Lesson Plan

The Path of the Black Death

Map showing the spread of the Black Death in Europe between 1346 and 1353.
Photo caption

Map showing the spread of the Black Death in Europe between 1346 and 1353.

Europe in the first half of the 14th century seemed to be preparing itself for significant changes. Cities grew in importance, though most of the population was still rural. Population increases had led to overuse of the available land. Poor harvests—also due to cooler, wetter weather—led to famines. The serf system was being undermined. Centralized political authority was becoming more powerful. Then the Black Death cut a path—both literal and figurative—through the middle of the 14th century. The disease was caused by the bubonic plague, which was spread by rats, whose fleas carried the plague bacilli from the East along trade routes until it penetrated almost all of Europe, killing at least one out of every three people.

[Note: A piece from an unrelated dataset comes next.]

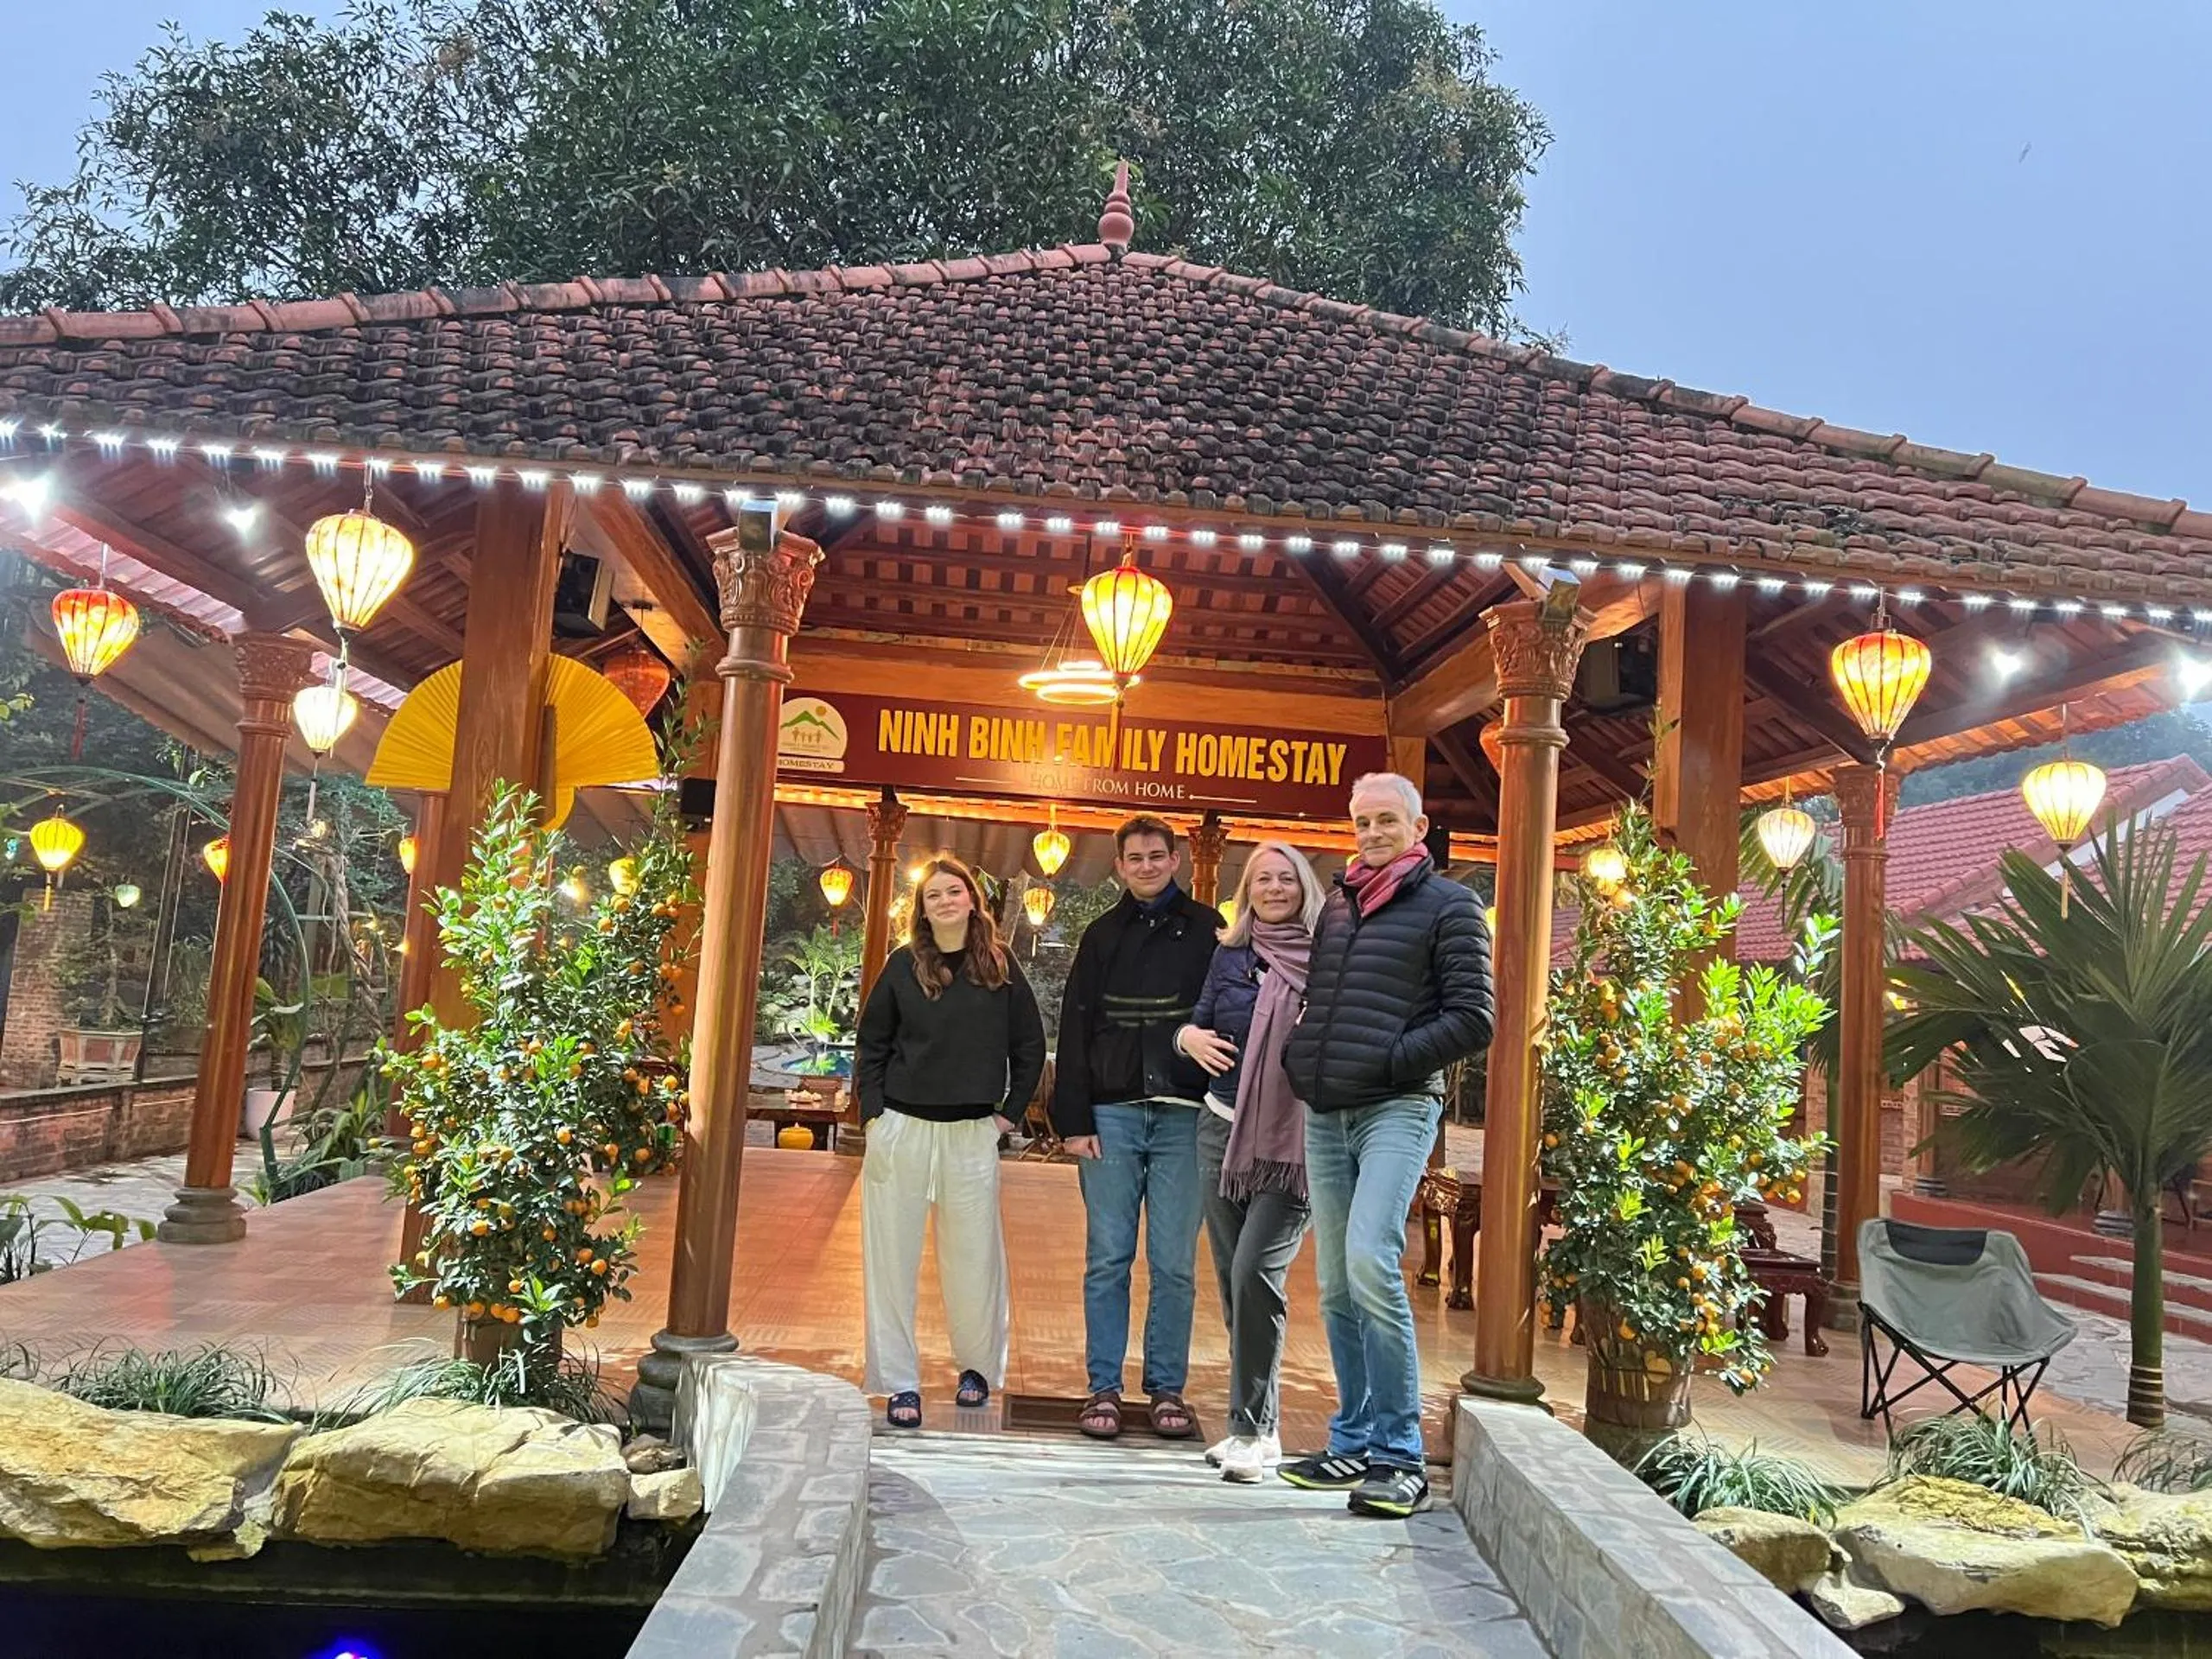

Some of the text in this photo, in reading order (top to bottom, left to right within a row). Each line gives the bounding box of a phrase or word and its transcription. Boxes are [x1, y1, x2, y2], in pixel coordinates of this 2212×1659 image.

[878, 709, 1347, 785] NINH BINH FAMILY HOMESTAY
[1083, 778, 1129, 795] FROM
[1135, 780, 1185, 799] HOME

Such a radical alteration in population in any place, at any time, would likely set off dramatic changes in society. What happened in a Europe already beginning to transform itself? In this lesson, students analyze maps, firsthand accounts, and archival documents to trace the path and aftermath of the Black Death.

Guiding Questions

How did the Black Death change the political, economic, and social institutions of Europe?

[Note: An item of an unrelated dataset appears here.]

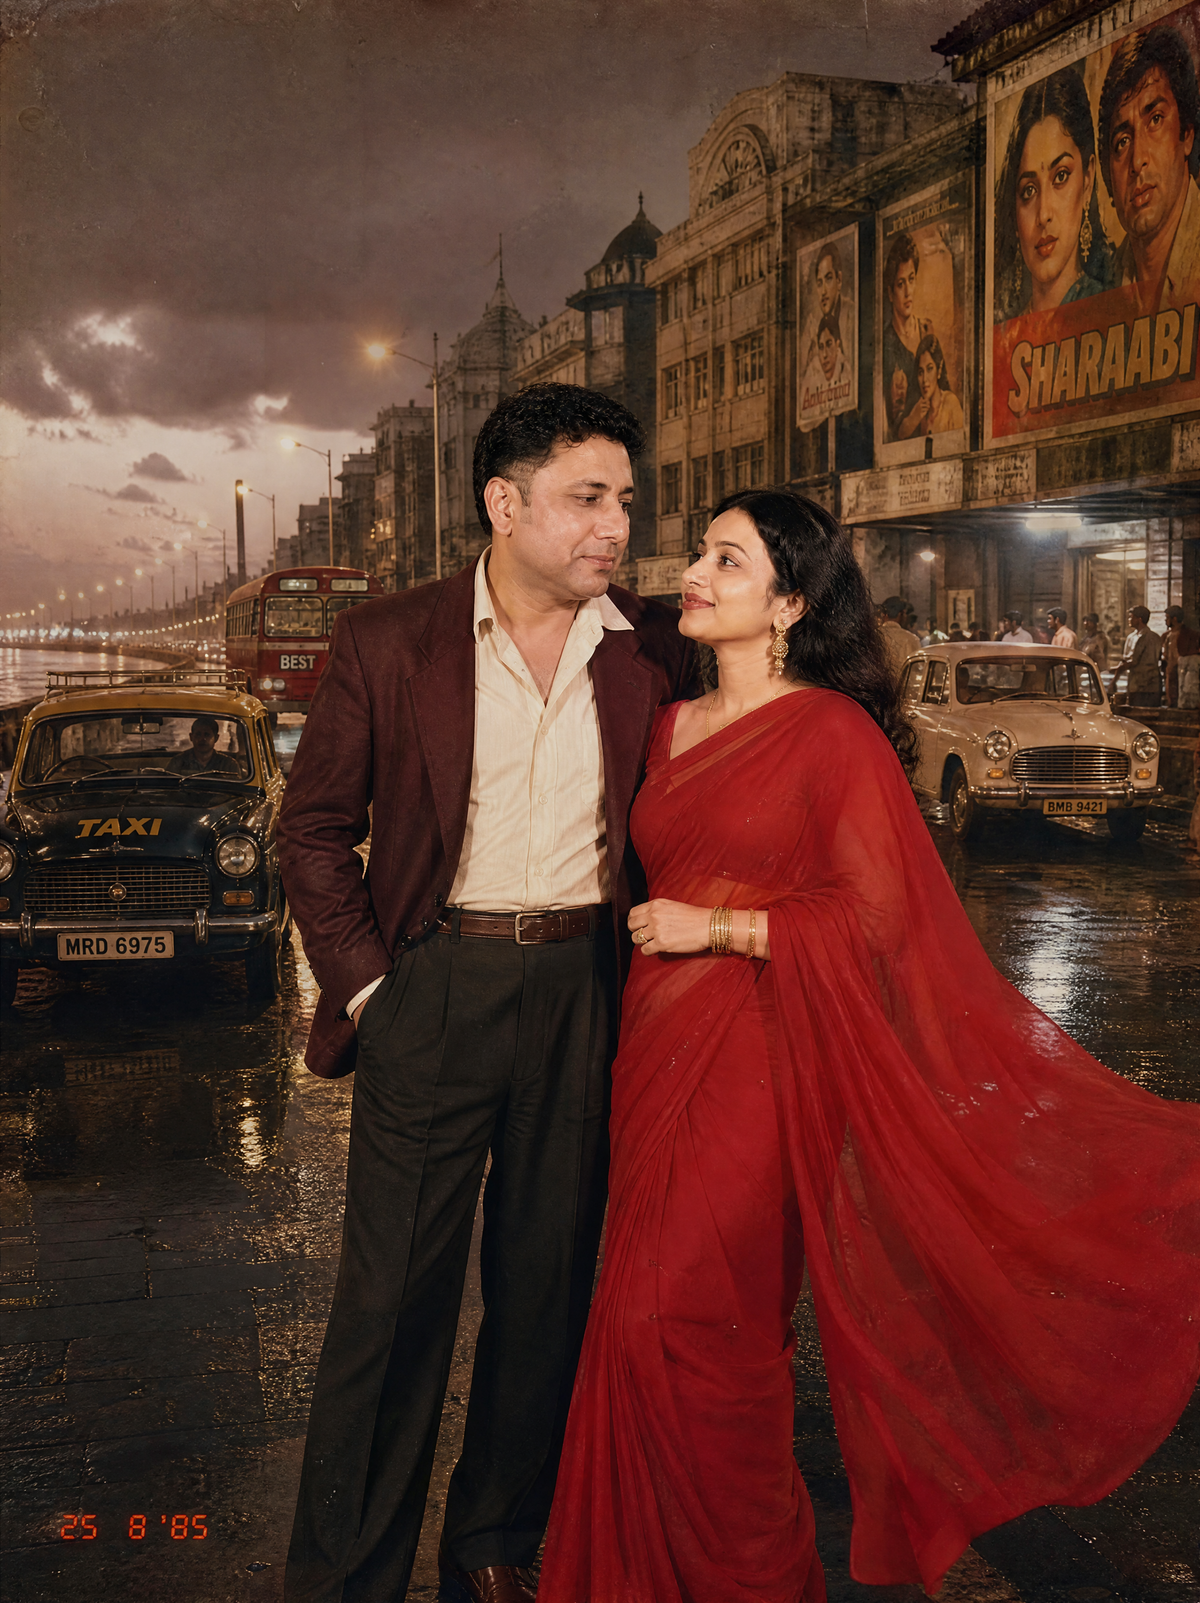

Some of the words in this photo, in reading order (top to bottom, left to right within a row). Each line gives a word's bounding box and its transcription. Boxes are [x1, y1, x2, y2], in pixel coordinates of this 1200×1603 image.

What medical and other technological developments came as a result of the Black Death?

How did the Black Death effect the ecology and environment of Europe?

To what extent did the Black Death move Europeans out of the Middle Ages?

Learning Objectives

Analyze the movement and impact of the Black Death using visuals, including maps, charts, and graphs. 

Evaluate the short and long-term effects of the Black Death in Europe and elsewhere.

Analyze the environmental, ecological, and labor related changes that occurred in Europe during and as a result of the Black Death.

Assess how the onset of the Black Death resulted in changes within political, economic, and social institutions.